Planting Peace Sent An LGBTQ Pride Flag Into Space & Its Message Is Just As Heartwarming As You Think

Parts of Earth may still be on the fence about the LGBTQ community, but space is officially cool with its not-so-heterosexual residents. At least, that's the message intended by nonprofit organization Planting Peace, who sent a pride flag into space recently to declare space LGBTQ-friendly. On Aug. 17, the flag was launched using a high-altitude balloon — with an attached GoPro to document the flag's voyage, naturally — outside of Milwaukee, Wis. At the peak of its three-hour journey, the pride flag floated 21.1 miles above the planet's surface before drifting back down to join us Earthlings once more.
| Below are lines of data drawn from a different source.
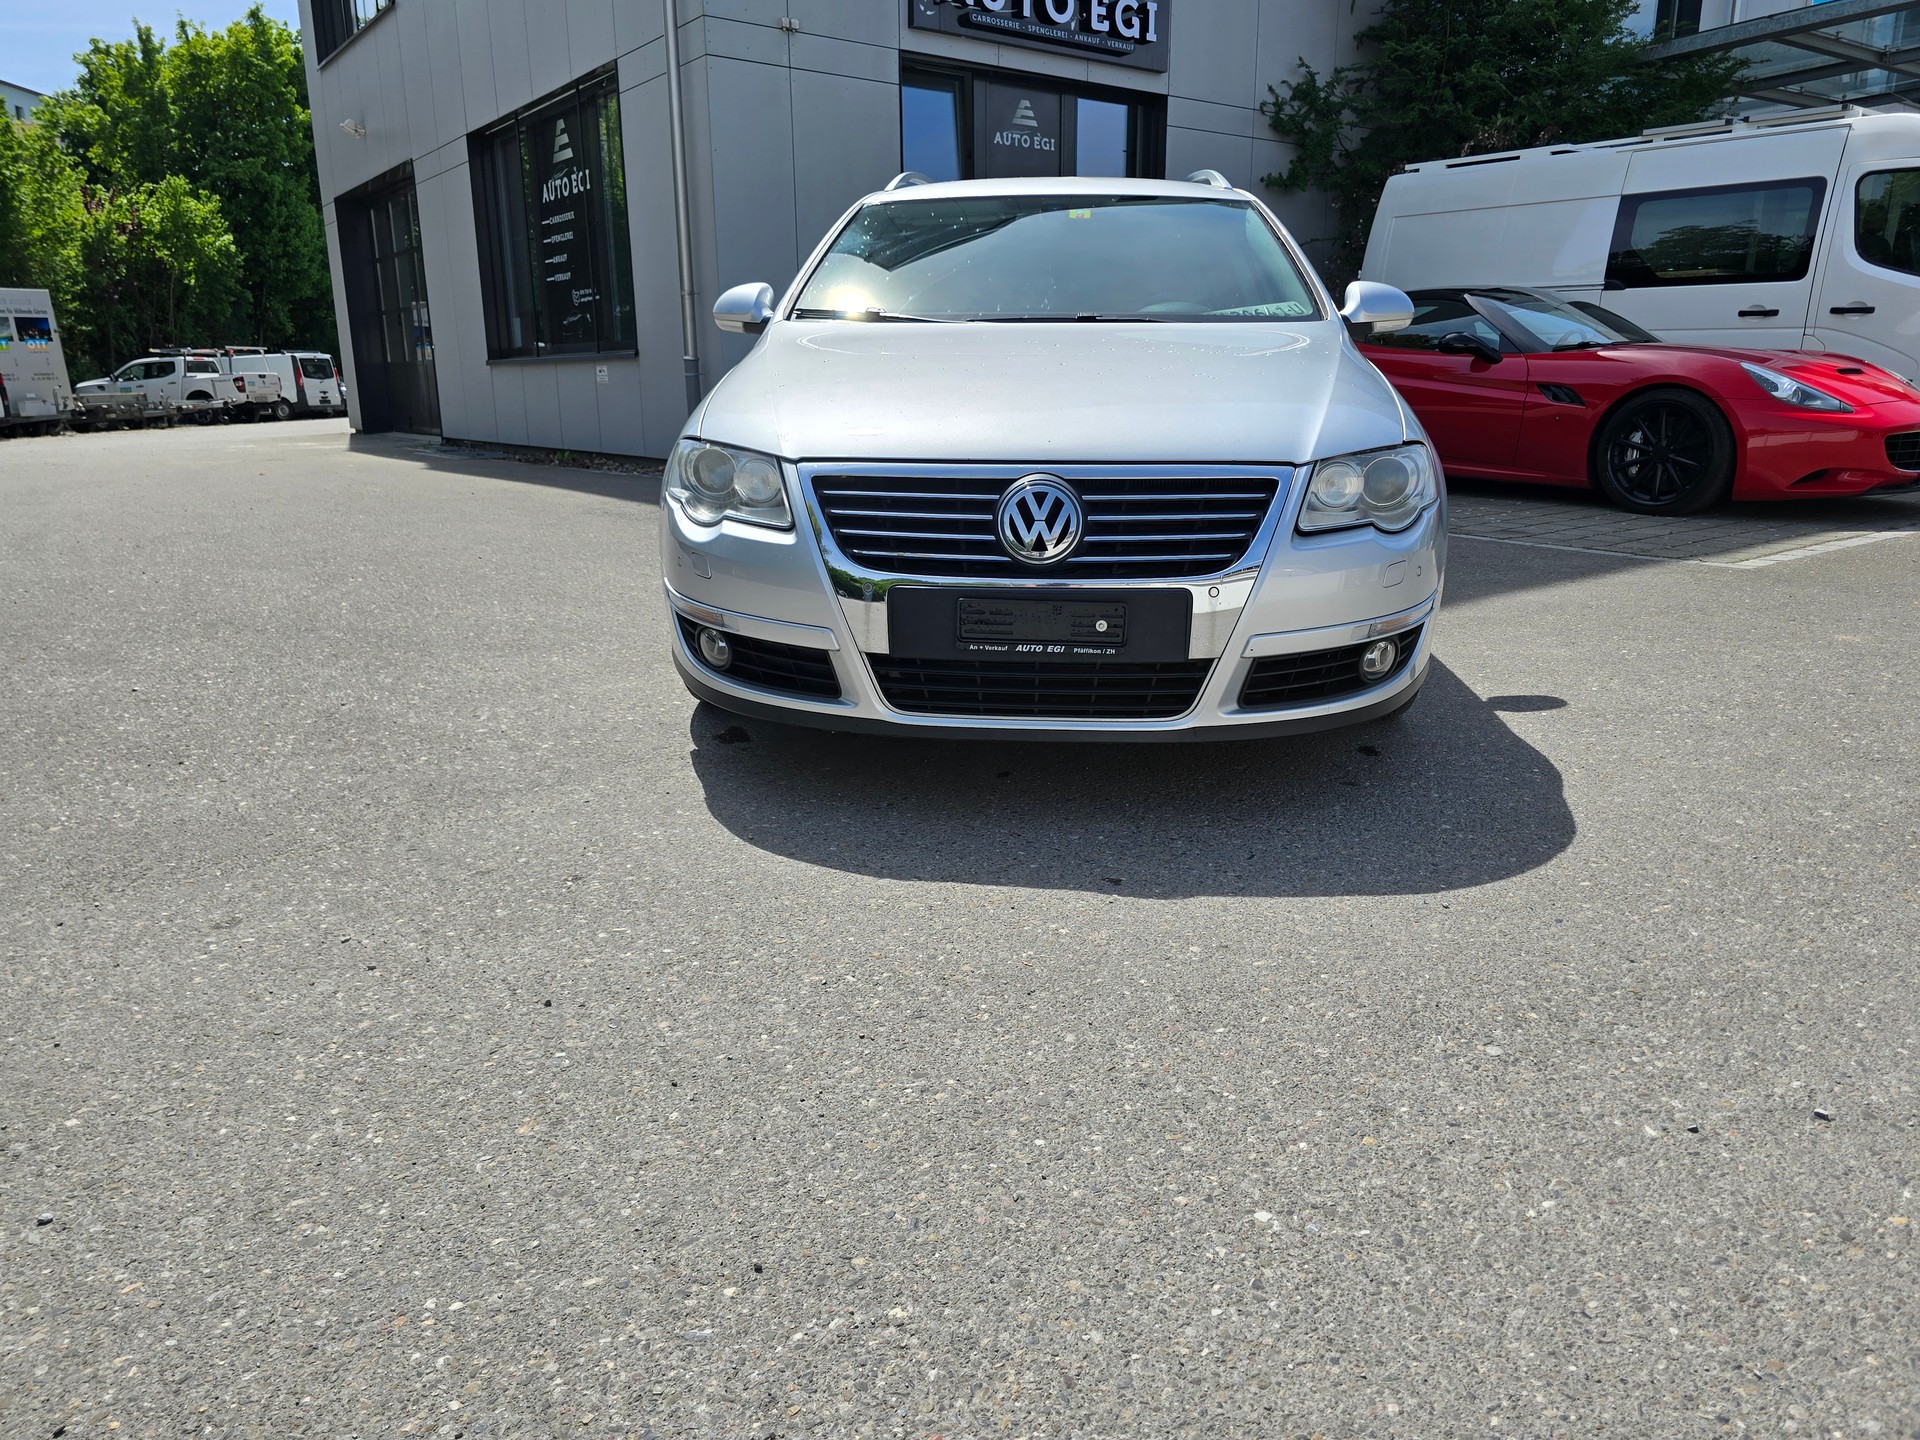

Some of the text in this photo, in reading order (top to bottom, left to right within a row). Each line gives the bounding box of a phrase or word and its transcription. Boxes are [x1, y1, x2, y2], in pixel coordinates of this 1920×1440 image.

[972, 13, 1020, 29] CARROSSERIE
[1028, 24, 1068, 39] SPENGLEREI
[1074, 34, 1100, 45] ANKAUF
[1107, 40, 1135, 50] VERKAUF
[994, 131, 1030, 148] AUTO
[542, 176, 570, 203] AUTO
[1015, 644, 1043, 652] AUTO
[1046, 645, 1065, 653] EGI
On its website, the organization explains the meaning behind the launch. "The primary purpose of this declaration is to support the ongoing fight for the fundamental human rights of our LGBTQ family, moving us closer to a universal understanding that all people deserve to live freely and love freely without fear and discrimination," Planting Peace writes, and things only get more heartwarming from there.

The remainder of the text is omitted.